Directions for this task:
Leave out the images and repeat every entry below exactly.

(Saved entries)
* * * * *

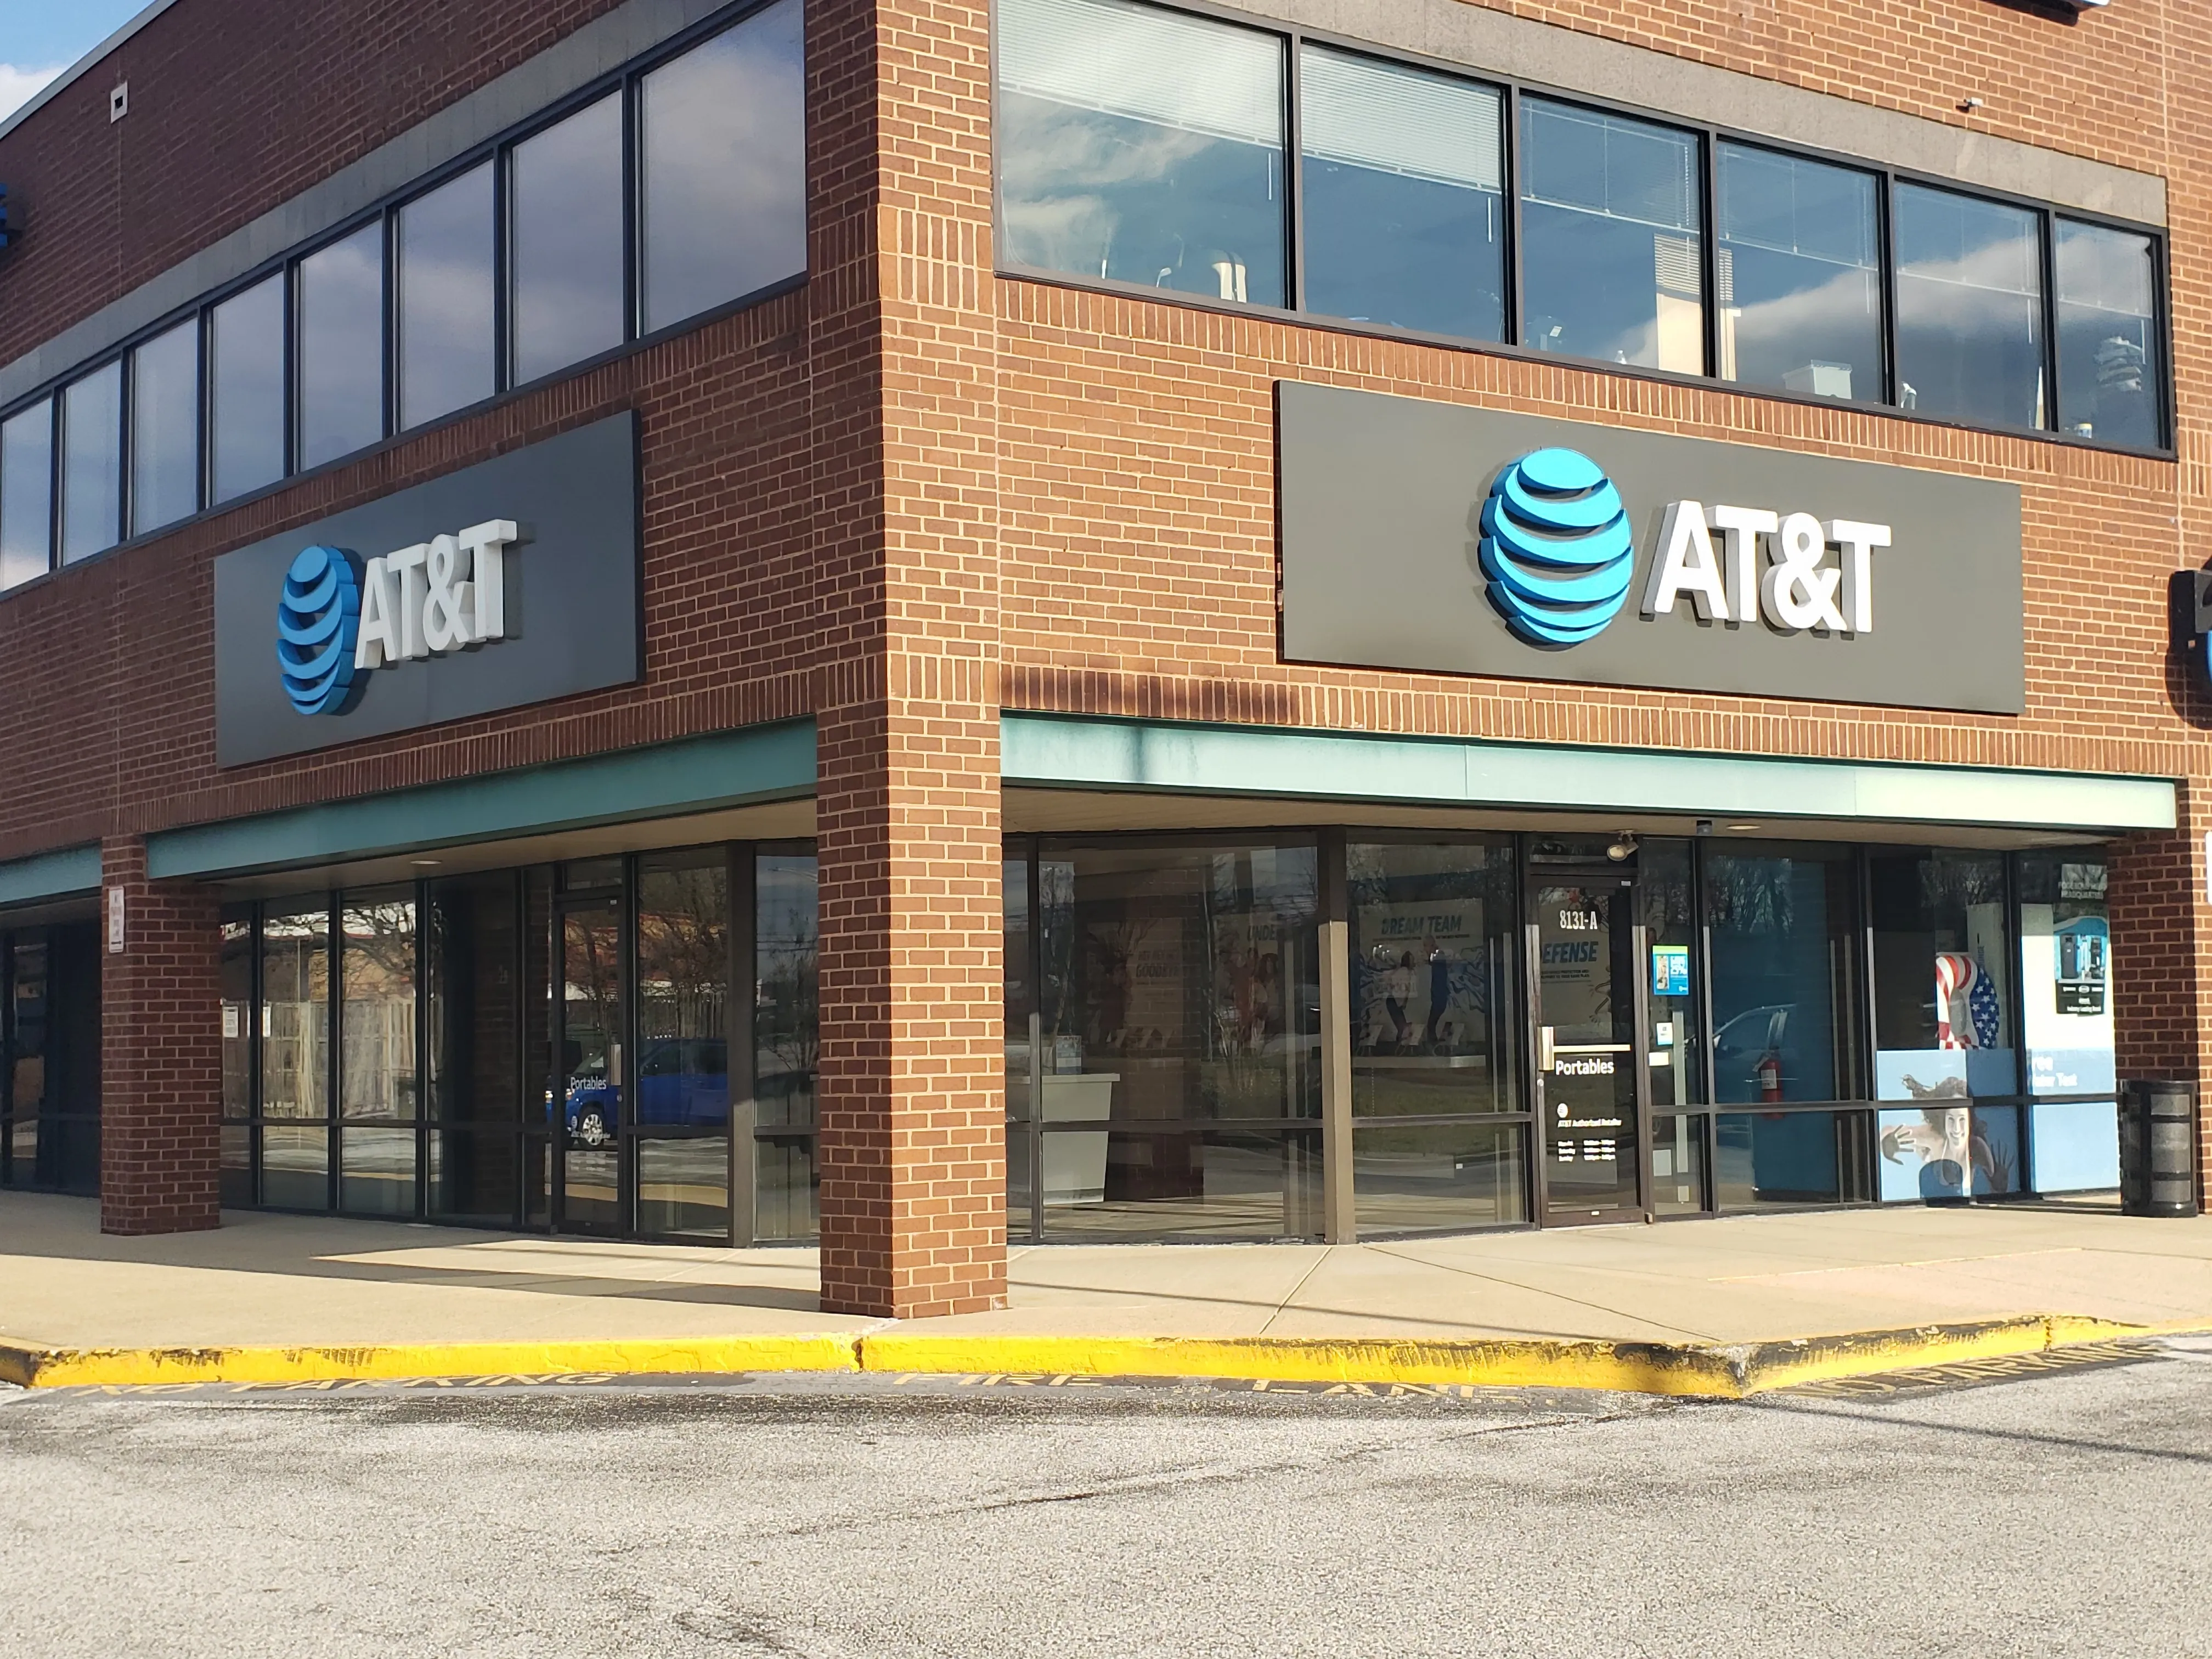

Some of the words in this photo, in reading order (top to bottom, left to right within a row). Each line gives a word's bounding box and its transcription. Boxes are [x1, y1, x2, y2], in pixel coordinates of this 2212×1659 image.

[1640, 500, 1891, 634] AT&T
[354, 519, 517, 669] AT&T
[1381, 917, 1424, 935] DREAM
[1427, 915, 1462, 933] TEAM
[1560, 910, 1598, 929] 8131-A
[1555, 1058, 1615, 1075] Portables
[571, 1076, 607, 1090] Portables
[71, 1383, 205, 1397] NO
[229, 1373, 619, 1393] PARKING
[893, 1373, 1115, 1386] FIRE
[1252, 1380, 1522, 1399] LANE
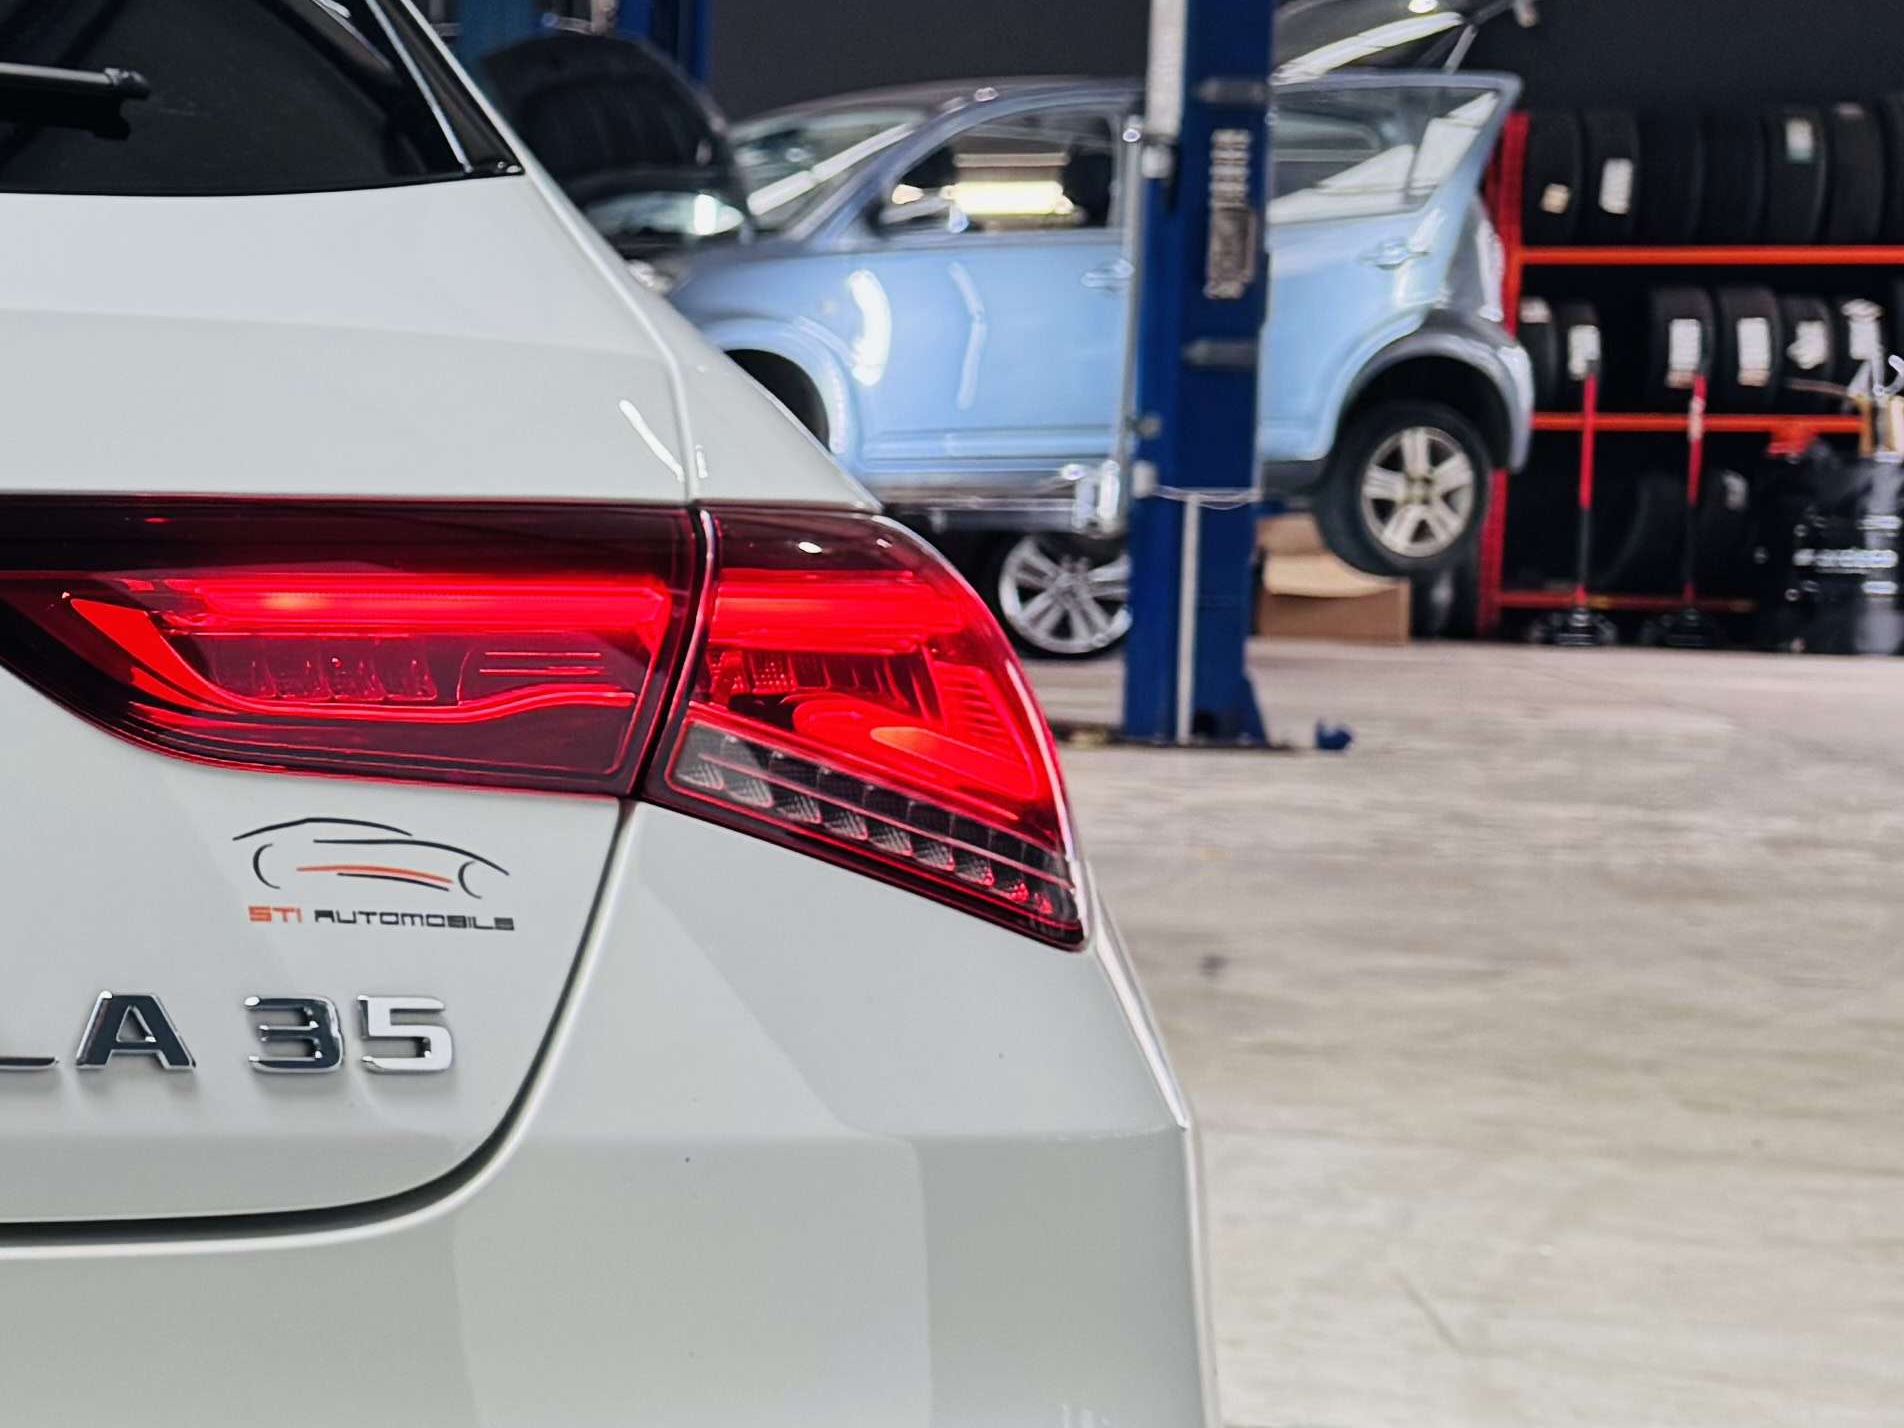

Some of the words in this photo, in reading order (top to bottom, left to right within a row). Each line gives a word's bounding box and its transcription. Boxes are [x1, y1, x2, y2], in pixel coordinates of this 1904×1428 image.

* * * * *

Your solution:
Some of the words in this photo, in reading order (top to bottom, left to right within a row). Each line gives a word's bounding box and its transcription. Boxes are [x1, y1, x2, y2], in pixel coordinates of this 2212×1659 image.

[1640, 500, 1891, 634] AT&T
[354, 519, 517, 669] AT&T
[1381, 917, 1424, 935] DREAM
[1427, 915, 1462, 933] TEAM
[1560, 910, 1598, 929] 8131-A
[1555, 1058, 1615, 1075] Portables
[571, 1076, 607, 1090] Portables
[71, 1383, 205, 1397] NO
[229, 1373, 619, 1393] PARKING
[893, 1373, 1115, 1386] FIRE
[1252, 1380, 1522, 1399] LANE

Some of the words in this photo, in reading order (top to bottom, left to right within a row). Each line gives a word's bounding box and its transcription. Boxes are [x1, y1, x2, y2], in pixel coordinates of this 1904×1428 image.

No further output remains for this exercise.